From the literature, only few studies have analyzed the effect of air pollution on the glomerulopathy in adults [8, 9]. Little is known about air pollution and its impact on childhood INS, with the etiologies, management, and outcomes of INS significantly different between children and adults [7,8,9,10]. Xu et al. found that long-term exposure to high levels of PM2.5 was associated with an increased risk of membranous nephropathy (MN), whereas the proportions of other major glomerulopathies remained stable regardless of the PM2.5 level [8]. From their adult series, MN was the leading cause of NS in adults aged > 40 years, while MCD was the most common histologic diagnosis among adults aged ≤ 39 years [8]. Exposure to the M-type phospholipase A2 receptor (PLA2R1) is critical for triggering the pathogenesis of PLA2R1-associated MN. Inflammation induced by air pollution, such as PM2.5, has been proposed to alter the microenvironment of PLA2R1-expressing cells [33]. PM2.5 also causes early kidney damage through oxidative stress or inflammation in the kidney microenvironment [34]. Lin et al. reported that higher concentrations of PM2.5, NO, NO2, and SO2 are associated with an increased risk of NS in adults [9]. However, in their study, the pathologic type of NS was not associated with air pollution [9]. In our study, we found that children exposed to higher concentrations of SO2, THC, and CH4 were associated with the risks of INS, mostly MCD. Although the exact biological mechanisms of air pollution and its effects on NS remain unclear, it is generally accepted that air pollutants entering the respiratory tract can be absorbed into the bloodstream through alveolar capillaries, resulting in systemic inflammation and oxidative stress [35,36,37]. An increase of reactive oxygen species (ROS) and the imbalance of ROS and ROS-inhibitory system were found in the blood of MCD patients [38, 39]. The systemic inflammation and oxidative stress disrupt the glomerular basement membrane and reduce de novo proteoglycan production, leading to the increase of glomerular basement membrane permeability and therefore cause proteinuria [40].

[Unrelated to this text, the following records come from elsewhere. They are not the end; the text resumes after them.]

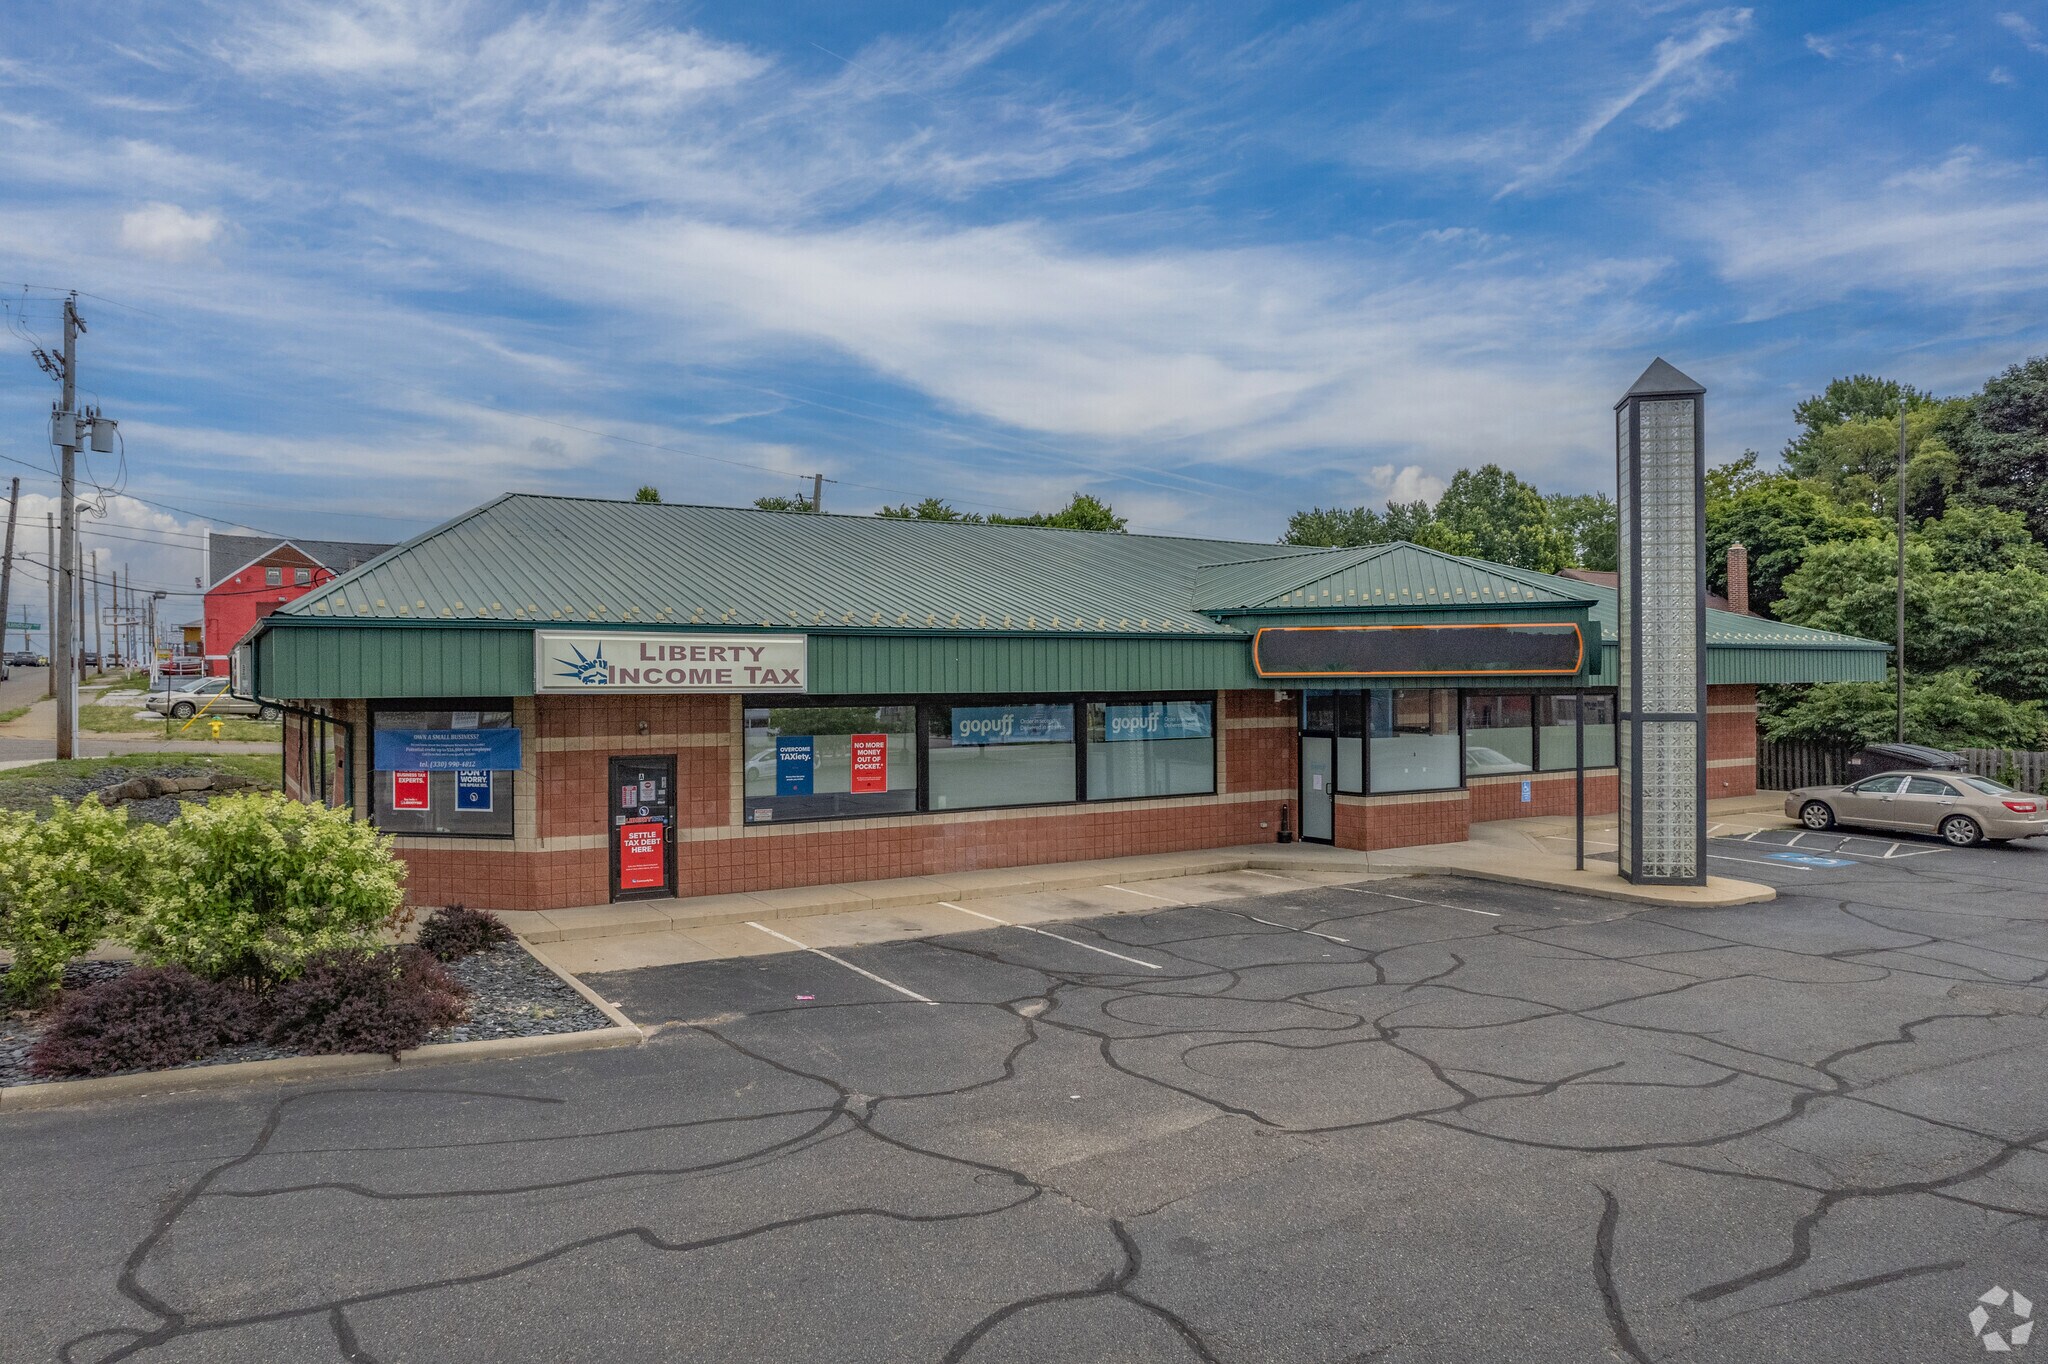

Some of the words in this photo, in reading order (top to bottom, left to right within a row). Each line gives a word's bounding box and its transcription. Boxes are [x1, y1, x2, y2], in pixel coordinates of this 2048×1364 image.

[639, 642, 766, 662] LIBERTY
[608, 665, 732, 685] INCOME
[743, 666, 800, 685] TAX
[960, 714, 1014, 737] gopuff
[1112, 712, 1159, 733] gopuff
[780, 753, 811, 761] TAXiety.
[430, 760, 447, 769] (330)
[628, 831, 656, 839] SETTLE
[640, 838, 661, 846] DEBT
[631, 845, 654, 853] HERE.
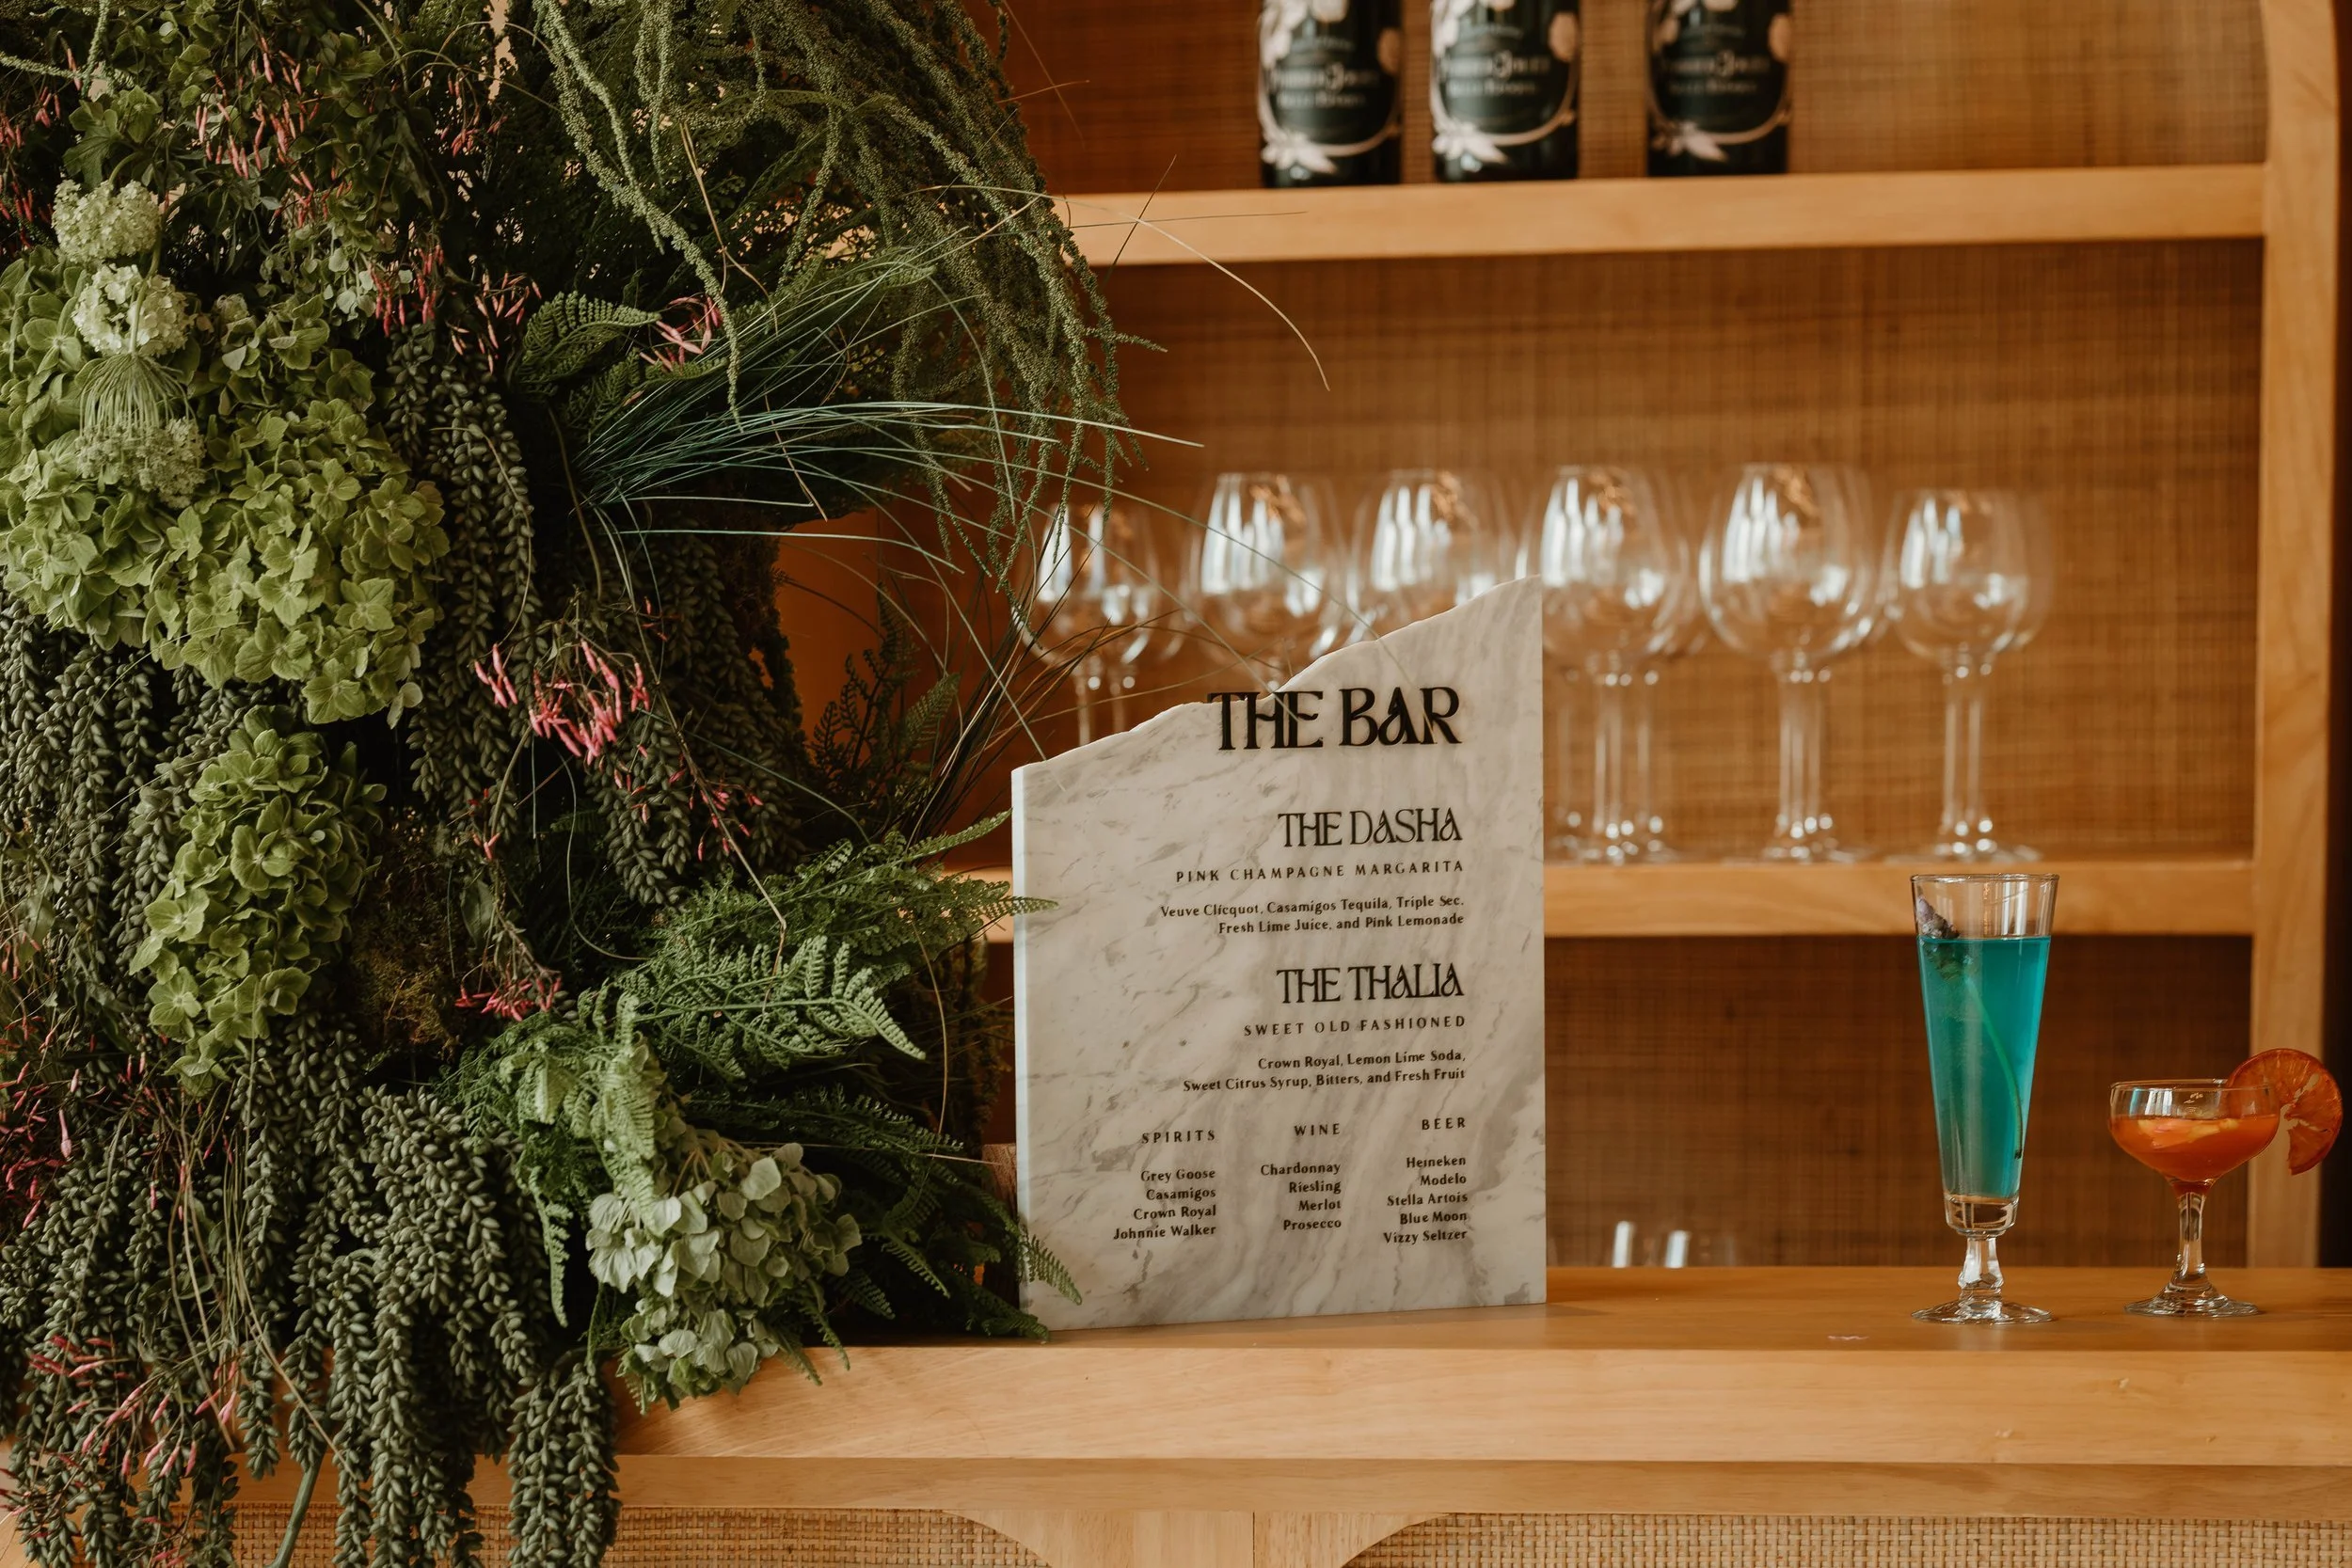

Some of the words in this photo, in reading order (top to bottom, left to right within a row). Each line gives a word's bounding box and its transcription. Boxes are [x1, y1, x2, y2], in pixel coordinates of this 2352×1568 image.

[1208, 690, 1324, 751] THE
[1339, 687, 1462, 746] BAR
[1278, 811, 1342, 847] THE
[1350, 808, 1462, 845] DASHA
[1176, 869, 1219, 882] PINK
[1230, 865, 1344, 880] CHAMPAGNE
[1355, 860, 1463, 876] MARGARITA
[1160, 905, 1200, 917] Veuve
[1266, 900, 1336, 915] Casamigos
[1340, 897, 1392, 912] Tequila,
[1396, 895, 1435, 910] Triple
[1218, 922, 1254, 934] Fresh
[1259, 920, 1290, 932] Lime
[1336, 916, 1360, 929] and
[1365, 914, 1393, 928] Pink
[1398, 912, 1464, 927] Lemonade
[1276, 967, 1341, 1004] THE
[1347, 962, 1465, 1001] THALIA
[1244, 1022, 1304, 1037] SWEET
[1314, 1020, 1350, 1034] OLD
[1360, 1015, 1466, 1031] FASHIONED
[1258, 1057, 1300, 1069] Crown
[1346, 1053, 1391, 1065] Lemon
[1395, 1051, 1425, 1064] Lime
[1430, 1049, 1466, 1062] Soda,
[1183, 1080, 1221, 1091] Sweet
[1225, 1078, 1266, 1089] Citrus
[1316, 1074, 1363, 1086] Bitters,
[1367, 1071, 1391, 1084] and
[1395, 1069, 1430, 1082] Fresh
[1434, 1068, 1465, 1080] Fruit
[1294, 1123, 1340, 1136] WINE
[1422, 1117, 1466, 1130] BEER
[1141, 1130, 1215, 1144] SPIRITS
[1261, 1162, 1341, 1176] Chardonnay
[1406, 1155, 1466, 1168] Heineken
[1140, 1170, 1171, 1183] Grey
[1176, 1168, 1216, 1180] Goose
[1420, 1172, 1467, 1186] Modelo
[1146, 1187, 1216, 1202] Casamigos
[1289, 1180, 1342, 1195] Riesling
[1298, 1198, 1341, 1212] Merlot
[1387, 1194, 1423, 1207] Stella
[1428, 1192, 1468, 1205] Artois
[1133, 1208, 1176, 1220] Crown
[1181, 1204, 1216, 1220] Royal
[1399, 1212, 1429, 1225] Blue
[1432, 1211, 1468, 1223] Moon
[1113, 1224, 1166, 1240] Johnnie
[1170, 1224, 1216, 1237] Walker
[1283, 1219, 1342, 1231] Prosecco
[1383, 1231, 1419, 1245] Vizzy
[1422, 1229, 1468, 1242] Seltzer

Overall, the importance and distinctiveness of our study were based on several aspects. First, our study appears to be the first population-based study assessing the association between air pollutants and INS in children. Children, one of the most susceptible subgroups of the population due to their immature respiratory, immune, reproductive, central nervous, and digestive systems, have a higher inhalation and resting metabolic rate of oxygen consumption per unit body weight than adults [41]. Second, except for nitrogen oxide, ozone, and particulate matter, which have been studies previously, our current study demonstrated the association of three types of gaseous pollutants, SO2, THC, and CH4, and INS. Third, in this study, we assessed the real-world data from the NHI program as our datasets; hence, the potential for selection bias could be minimized. Furthermore, we also tried to adjust for the confounding factors including sex, age, monthly income, and urbanization level to alleviate possible bias as well.

Our study had several limitations. First of all, the migration of our study population during the study period may be neglected. However, the bias could be minimized based on the 12-year compulsory education in Taiwan. The majority of children would stay studying in the fixed school district till the compulsory education ended. And the fact, change the place of residence is not quite common in children in Taiwan. Second, we were unable to acquire the individual results of kidney biopsy, which is often recommended in patients with NS to establish the pathologic subtype of the disease, to assess disease activity, or to confirm the diagnosis of diseases. Since kidney biopsy is usually not indicated for first presentation of childhood INS and empirical steroid treatment can be considered prior to kidney biopsy. Nevertheless, according to a previous study, even though most of children with INS had been coded as unspecified pathological lesion in kidney, their pathology should be MCD [11]. Third, several potential risk factors for NS, such as familial predisposition, genetic mutations, lifestyle, diet preference, previous over-the-counter medication, family history, exposure to other toxic substances, such as water pollution, heavy metals and smoking/tobacco exposure, and known viral and other infections like CMV, syphilis, malaria etc., could not be estimated in this study due to the insufficient information available in the NHIRD.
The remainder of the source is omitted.